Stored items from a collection
☆ ☆ ☆ ☆ ☆

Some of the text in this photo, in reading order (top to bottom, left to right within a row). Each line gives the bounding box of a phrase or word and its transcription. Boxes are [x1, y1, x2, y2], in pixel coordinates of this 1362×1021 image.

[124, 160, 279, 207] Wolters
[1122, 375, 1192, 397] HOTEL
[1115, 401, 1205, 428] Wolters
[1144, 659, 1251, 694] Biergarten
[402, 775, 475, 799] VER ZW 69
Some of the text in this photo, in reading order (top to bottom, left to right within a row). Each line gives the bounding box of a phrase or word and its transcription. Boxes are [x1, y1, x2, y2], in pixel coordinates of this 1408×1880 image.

☆ ☆ ☆ ☆ ☆

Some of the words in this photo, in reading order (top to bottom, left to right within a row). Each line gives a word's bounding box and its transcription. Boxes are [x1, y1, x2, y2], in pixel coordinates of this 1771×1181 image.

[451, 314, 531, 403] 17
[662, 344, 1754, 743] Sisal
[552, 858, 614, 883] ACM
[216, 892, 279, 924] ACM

☆ ☆ ☆ ☆ ☆

_WHAT IS NEEDED_. From the entries above, write out only the lines starting at the line that holds "this 1362×1021 image." and ending at the line that holds "this 1408×1880 image.", keeping both and matching them exactly.

_TASK RESULT_.
Some of the text in this photo, in reading order (top to bottom, left to right within a row). Each line gives the bounding box of a phrase or word and its transcription. Boxes are [x1, y1, x2, y2], in pixel coordinates of this 1362×1021 image.

[124, 160, 279, 207] Wolters
[1122, 375, 1192, 397] HOTEL
[1115, 401, 1205, 428] Wolters
[1144, 659, 1251, 694] Biergarten
[402, 775, 475, 799] VER ZW 69
Some of the text in this photo, in reading order (top to bottom, left to right within a row). Each line gives the bounding box of a phrase or word and its transcription. Boxes are [x1, y1, x2, y2], in pixel coordinates of this 1408×1880 image.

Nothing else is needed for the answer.